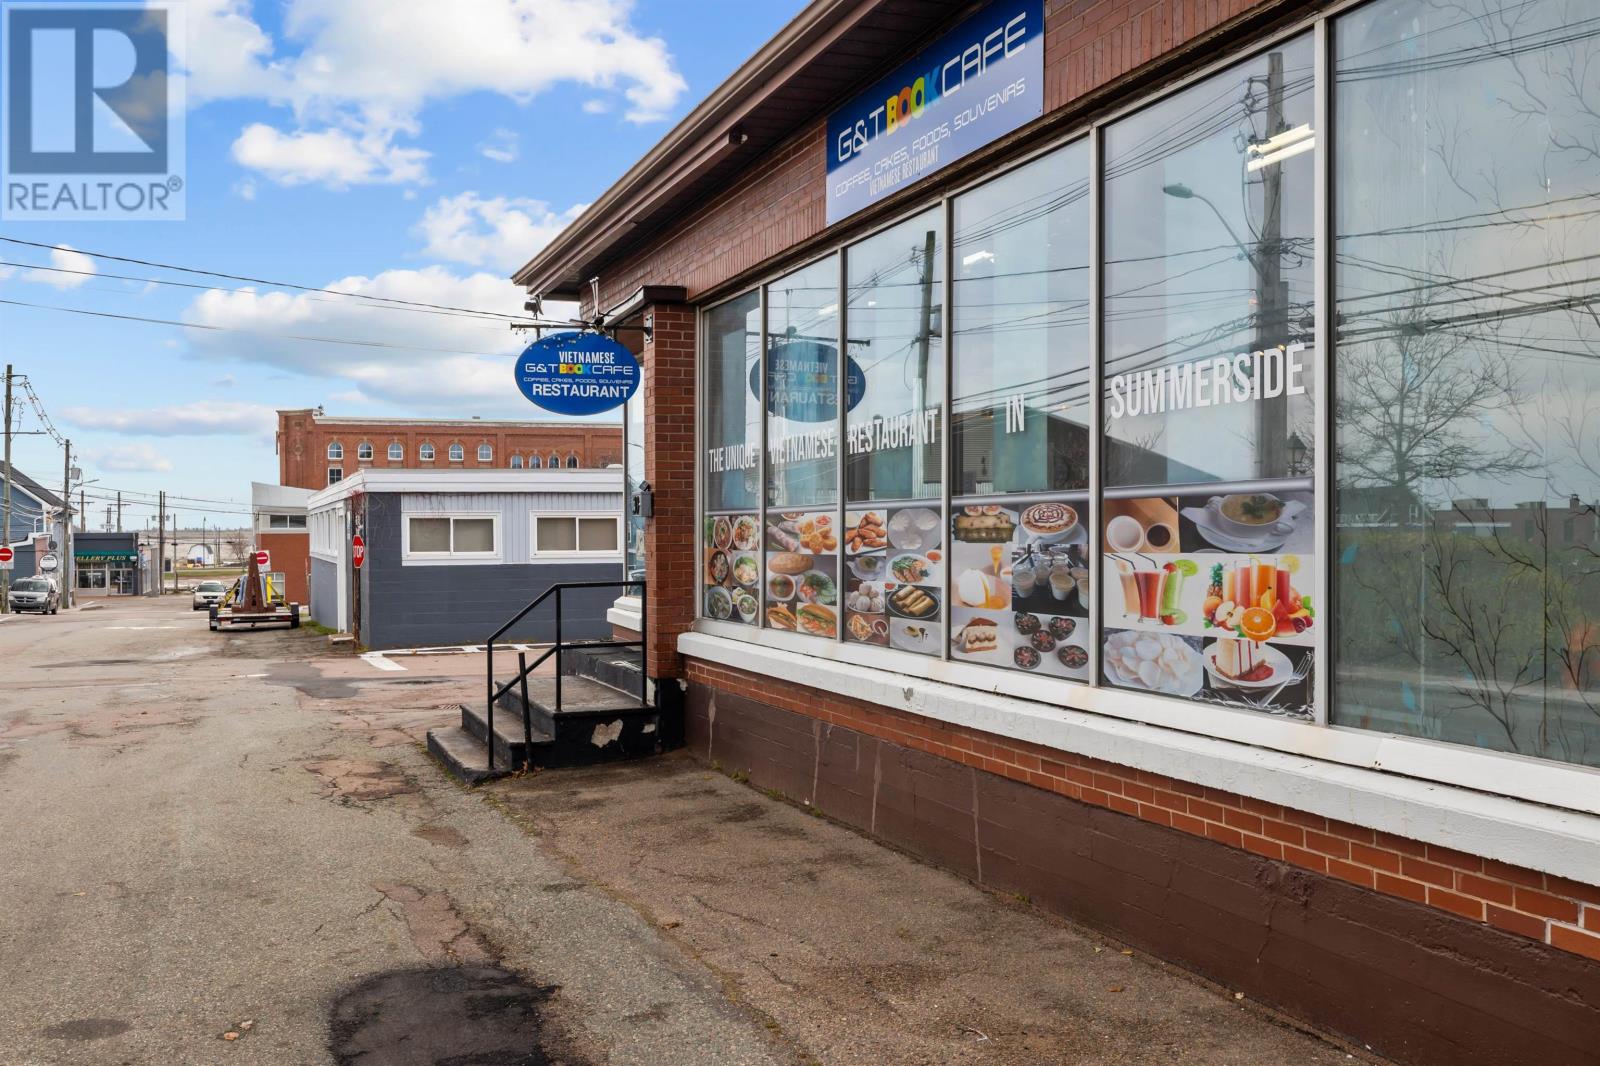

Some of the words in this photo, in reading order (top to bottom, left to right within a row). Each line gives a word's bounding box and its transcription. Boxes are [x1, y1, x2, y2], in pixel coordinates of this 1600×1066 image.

[838, 105, 885, 162] G&T
[886, 65, 941, 136] BOOK
[942, 11, 1026, 97] CAFE
[913, 122, 951, 155] FOODS,
[953, 77, 1025, 131] SOUVENIRS
[902, 144, 939, 180] RESTAURANT
[525, 363, 558, 373] G&T
[559, 363, 592, 375] BOOK
[592, 365, 633, 375] CAFE
[559, 351, 615, 364] VIETNAMESE
[532, 384, 629, 398] RESTAURANT
[709, 447, 723, 472] THE
[725, 442, 756, 471] UNIQUE
[769, 428, 835, 464] VIETNAMESE
[849, 409, 938, 454] RESTAURANT
[1005, 393, 1025, 434] IN
[1110, 343, 1305, 419] SUMMERSIDE

⁂

(EXERCISE AIM) The answer should be an exact restatement of every entry, with the pictures omitted.

(RESULT OF THE TASK)
Some of the words in this photo, in reading order (top to bottom, left to right within a row). Each line gives a word's bounding box and its transcription. Boxes are [x1, y1, x2, y2], in pixel coordinates of this 1600×1066 image.

[838, 105, 885, 162] G&T
[886, 65, 941, 136] BOOK
[942, 11, 1026, 97] CAFE
[913, 122, 951, 155] FOODS,
[953, 77, 1025, 131] SOUVENIRS
[902, 144, 939, 180] RESTAURANT
[525, 363, 558, 373] G&T
[559, 363, 592, 375] BOOK
[592, 365, 633, 375] CAFE
[559, 351, 615, 364] VIETNAMESE
[532, 384, 629, 398] RESTAURANT
[709, 447, 723, 472] THE
[725, 442, 756, 471] UNIQUE
[769, 428, 835, 464] VIETNAMESE
[849, 409, 938, 454] RESTAURANT
[1005, 393, 1025, 434] IN
[1110, 343, 1305, 419] SUMMERSIDE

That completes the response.